Pls stop crying and be happy with what you have

India is proud to have ppl like this -   (I bet you cant see ppl in US or any other country with this much value for humanity)




Spoiler



[YOUTUBE]y_3BEwpv0dM[/YOUTUBE]


----------



## Arsenal_Gunners (Feb 21, 2012)

Debate-Is Revolt NOTW material?


----------



## revolt (Feb 21, 2012)

Arsenal_Gunners said:


> Debate-Is Revolt NOTW material?



Debate-Why you are a fan of arsenal gunners?Why there is no football team eligible enough to compete against the world in india?


----------



## Arsenal_Gunners (Feb 21, 2012)

Waiting for Howrah Manchester to conquer the world.


----------



## revolt (Feb 21, 2012)

Arsenal_Gunners said:


> *Waiting* for Howrah Manchester to conquer the world.


Another biggest and worst thing.


----------



## Arsenal_Gunners (Feb 21, 2012)

No.The biggest and worst thing is an asteroid hurtling towards you.


----------



## revolt (Feb 21, 2012)

gopi_vbboy said:


> Pls stop crying and be happy with what you have



You shouldn't be.Another definition of lazyness.Its a great hinderance towards your growth.If every people goes by this concept then the world would have been stagnant.

Had newton been happy by enjoying the shadow of the tree and eating an apple there wouldnt have been any laws atleast by him.



gopi_vbboy said:


> India is proud to have ppl like this -   (I bet you cant see ppl in US or any other country with this much value for humanity)
> 
> 
> 
> ...




and india is ashamed to have people like us.


----------



## Arsenal_Gunners (Feb 21, 2012)

I was going to post a long reply to that post but can't be bothered to...Yawn!


----------



## gopi_vbboy (Feb 21, 2012)

Its called attitude not laziness.  I hope you have some good attitude.See you always think everything negative about India.

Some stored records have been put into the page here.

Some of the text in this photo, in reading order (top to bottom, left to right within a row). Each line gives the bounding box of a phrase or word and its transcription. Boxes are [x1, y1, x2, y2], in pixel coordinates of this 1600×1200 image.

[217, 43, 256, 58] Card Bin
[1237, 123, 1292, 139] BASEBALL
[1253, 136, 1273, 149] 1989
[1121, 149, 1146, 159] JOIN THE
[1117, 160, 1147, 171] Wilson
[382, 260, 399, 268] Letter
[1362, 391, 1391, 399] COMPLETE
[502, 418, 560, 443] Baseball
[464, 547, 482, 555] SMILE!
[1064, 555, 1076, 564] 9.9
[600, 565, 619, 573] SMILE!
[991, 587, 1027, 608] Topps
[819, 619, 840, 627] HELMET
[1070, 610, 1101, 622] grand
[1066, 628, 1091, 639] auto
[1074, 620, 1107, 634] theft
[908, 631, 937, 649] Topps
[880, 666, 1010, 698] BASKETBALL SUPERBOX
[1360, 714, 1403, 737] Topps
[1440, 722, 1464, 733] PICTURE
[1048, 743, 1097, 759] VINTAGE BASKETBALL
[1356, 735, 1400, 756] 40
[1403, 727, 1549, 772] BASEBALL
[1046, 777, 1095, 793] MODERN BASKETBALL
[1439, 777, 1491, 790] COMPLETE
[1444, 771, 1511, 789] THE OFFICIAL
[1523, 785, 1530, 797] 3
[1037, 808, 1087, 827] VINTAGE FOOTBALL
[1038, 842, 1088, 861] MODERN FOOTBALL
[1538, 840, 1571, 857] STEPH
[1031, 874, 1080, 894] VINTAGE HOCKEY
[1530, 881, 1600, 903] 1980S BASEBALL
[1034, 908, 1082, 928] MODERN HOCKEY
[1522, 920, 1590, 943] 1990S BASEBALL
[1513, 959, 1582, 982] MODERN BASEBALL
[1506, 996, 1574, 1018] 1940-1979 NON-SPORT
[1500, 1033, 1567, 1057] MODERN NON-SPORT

What is that you are doing to change things. That's what i asked you .




revolt said:


> You shouldn't be.Another definition of lazyness.Its a great hinderance towards your growth.If every people goes by this concept then the world would have been stagnant.
> 
> Had newton been happy by enjoying the shadow of the tree and eating an apple there wouldnt have been any laws atleast by him.
> 
> ...


----------



## revolt (Feb 21, 2012)

^^Exactly lets do something..lets think about the betterment of our situation.


----------



## sygeek (Feb 21, 2012)

Not again...


----------



## revolt (Feb 21, 2012)

Arsenal_Gunners said:


> Waiting for Howrah Manchester to conquer the world.



Its a debate not an argument.If you want to post something then post it.


sygeek said:


> Not again...



what does that mean?


----------



## asingh (Feb 21, 2012)

revolt said:


> ^^Exactly lets do something..lets think about the betterment of our situation.



Yes, we will.

Sure. Closing this pointless and troll affinity thread.

*@Revolt:*
Please start your threads with a proper argument, not a rant based on frustrations or imaginative urges.


----------